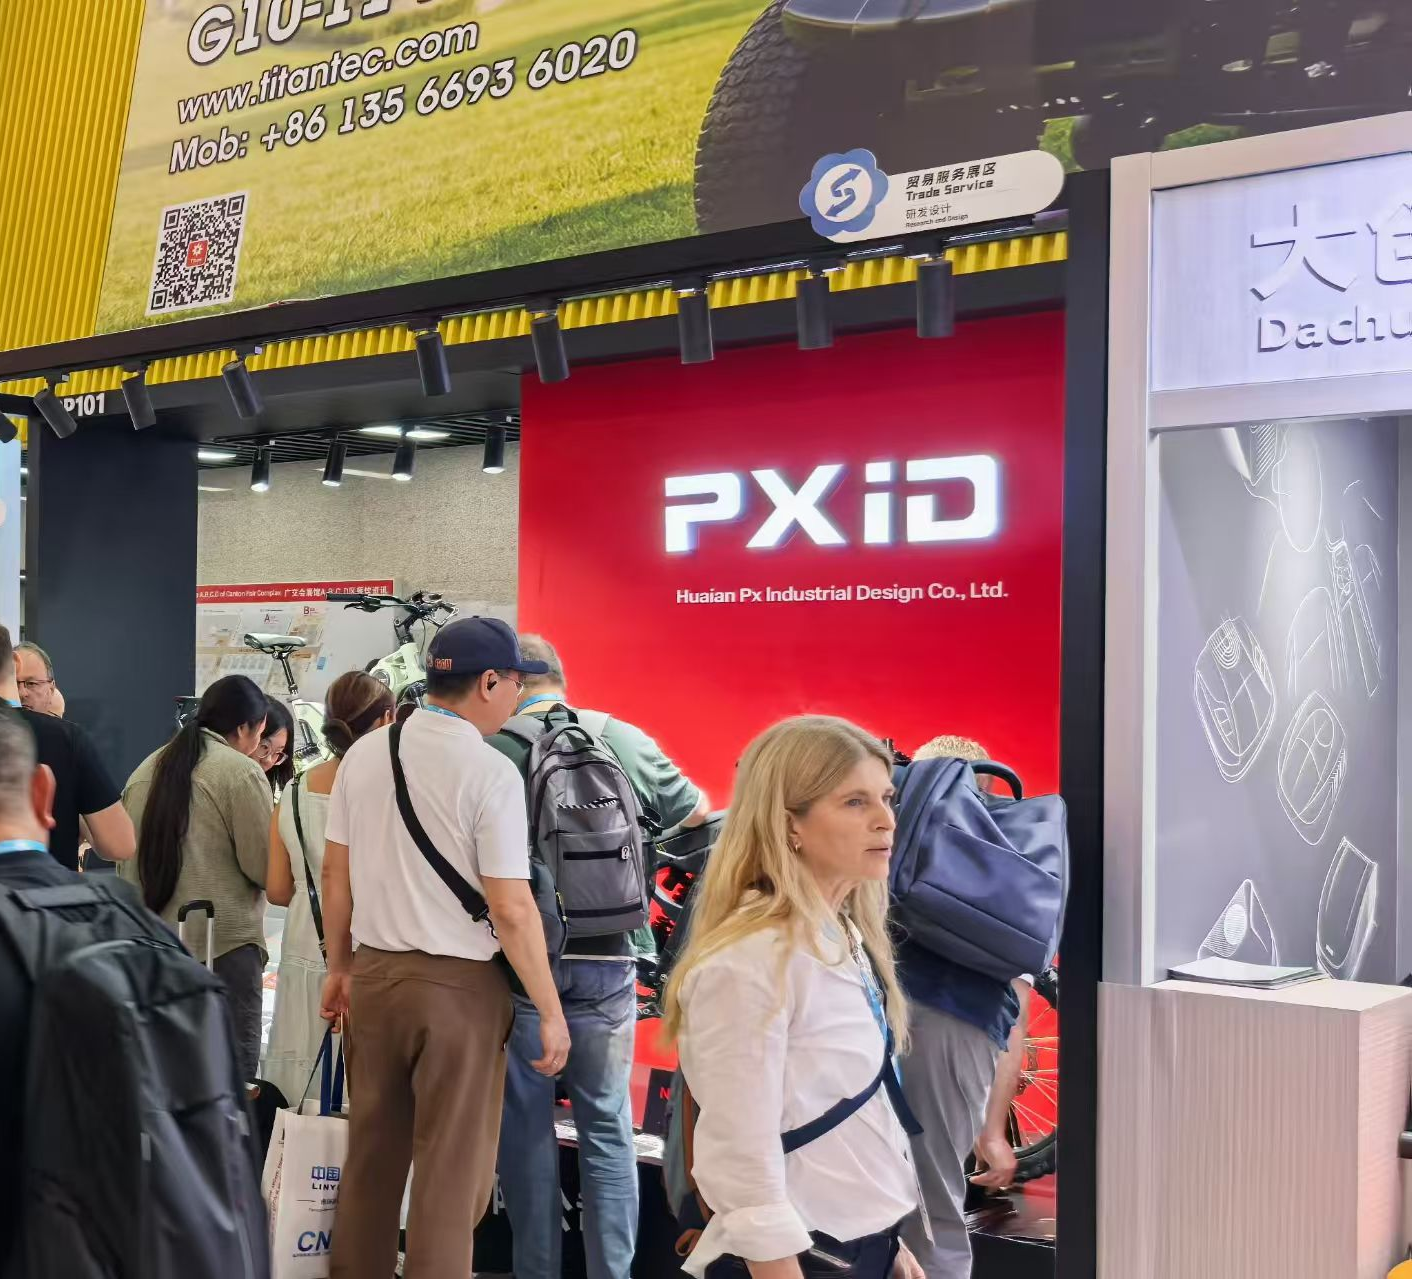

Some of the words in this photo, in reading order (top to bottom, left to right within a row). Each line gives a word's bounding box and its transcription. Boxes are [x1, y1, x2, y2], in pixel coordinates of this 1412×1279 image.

[177, 20, 480, 124] www.titantec.com
[168, 128, 250, 174] Mob:
[260, 104, 327, 152] +86
[338, 85, 405, 136] 135
[415, 59, 516, 117] 6693
[526, 28, 637, 89] 6020
[906, 161, 996, 190] 贸易服务展区
[906, 187, 940, 201] Trade
[944, 179, 994, 195] Service
[906, 203, 952, 220] 研发设计
[60, 392, 105, 417] P101
[676, 588, 736, 604] Huaian
[740, 587, 762, 603] Px
[766, 585, 852, 602] Industrial
[857, 583, 925, 604] Design
[928, 582, 966, 601] Co.,
[970, 581, 1008, 599] Ltd.
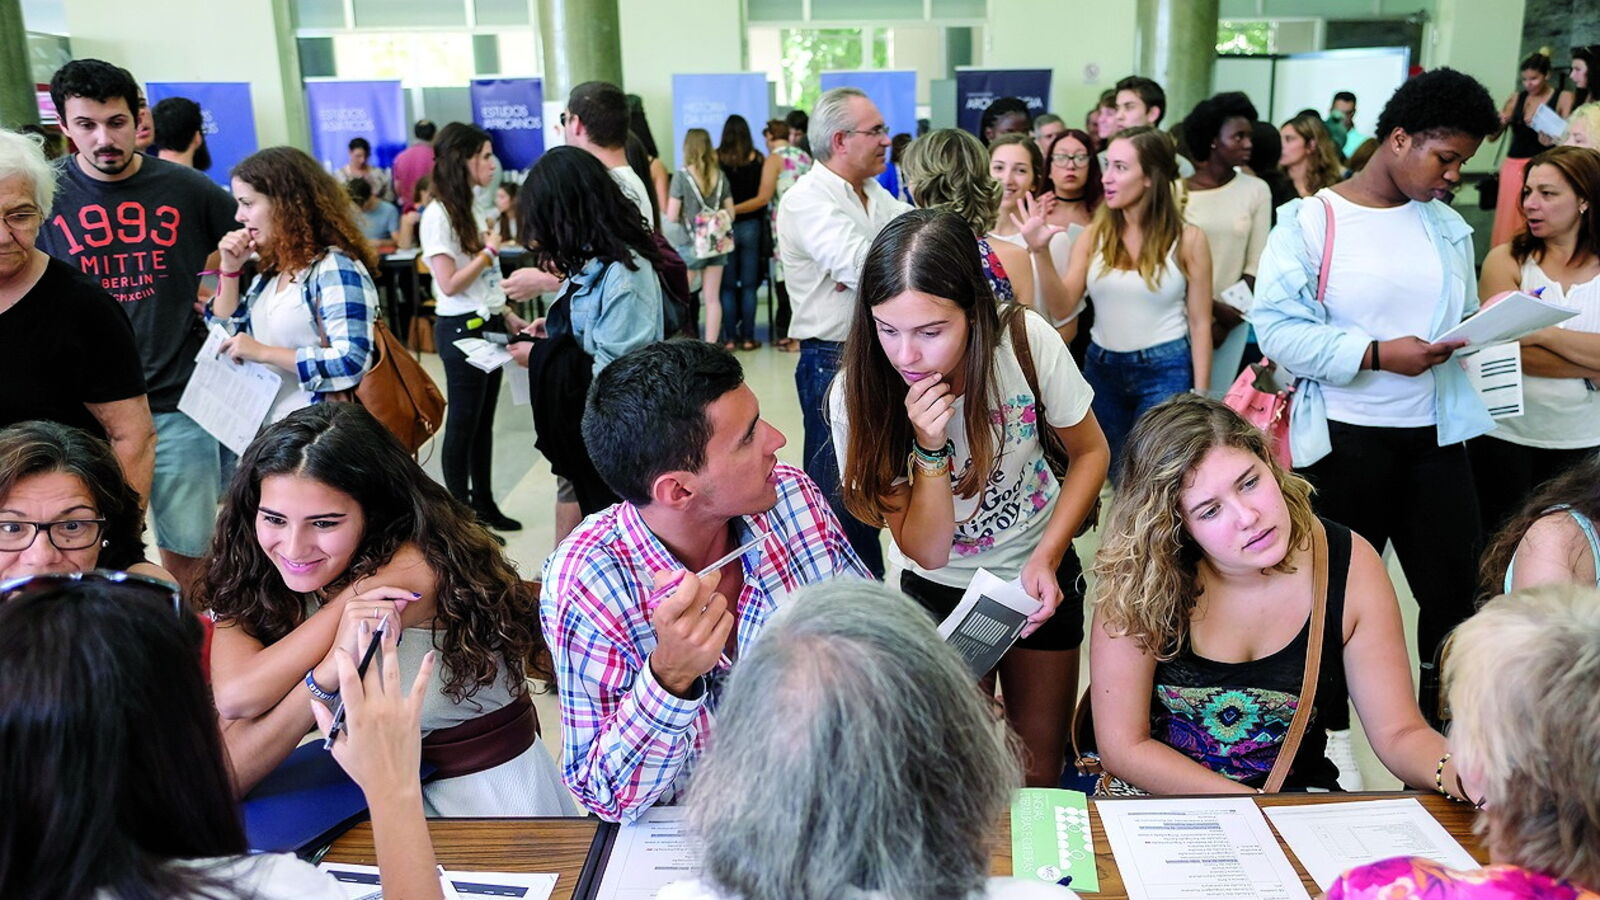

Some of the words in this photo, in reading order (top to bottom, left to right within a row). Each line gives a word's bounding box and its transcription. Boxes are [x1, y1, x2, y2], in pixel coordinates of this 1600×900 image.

#### [What you have to do]
Retype all of the material above exactly; the pictures stay out.

#### [Your response]
Some of the words in this photo, in reading order (top to bottom, left to right within a row). Each line gives a word's bounding box and its transcription. Boxes are [x1, y1, x2, y2], in pixel coordinates of this 1412×1279 image.

[177, 20, 480, 124] www.titantec.com
[168, 128, 250, 174] Mob:
[260, 104, 327, 152] +86
[338, 85, 405, 136] 135
[415, 59, 516, 117] 6693
[526, 28, 637, 89] 6020
[906, 161, 996, 190] 贸易服务展区
[906, 187, 940, 201] Trade
[944, 179, 994, 195] Service
[906, 203, 952, 220] 研发设计
[60, 392, 105, 417] P101
[676, 588, 736, 604] Huaian
[740, 587, 762, 603] Px
[766, 585, 852, 602] Industrial
[857, 583, 925, 604] Design
[928, 582, 966, 601] Co.,
[970, 581, 1008, 599] Ltd.

Some of the words in this photo, in reading order (top to bottom, left to right within a row). Each line gives a word's bounding box and its transcription. Boxes are [x1, y1, x2, y2], in pixel coordinates of this 1600×900 image.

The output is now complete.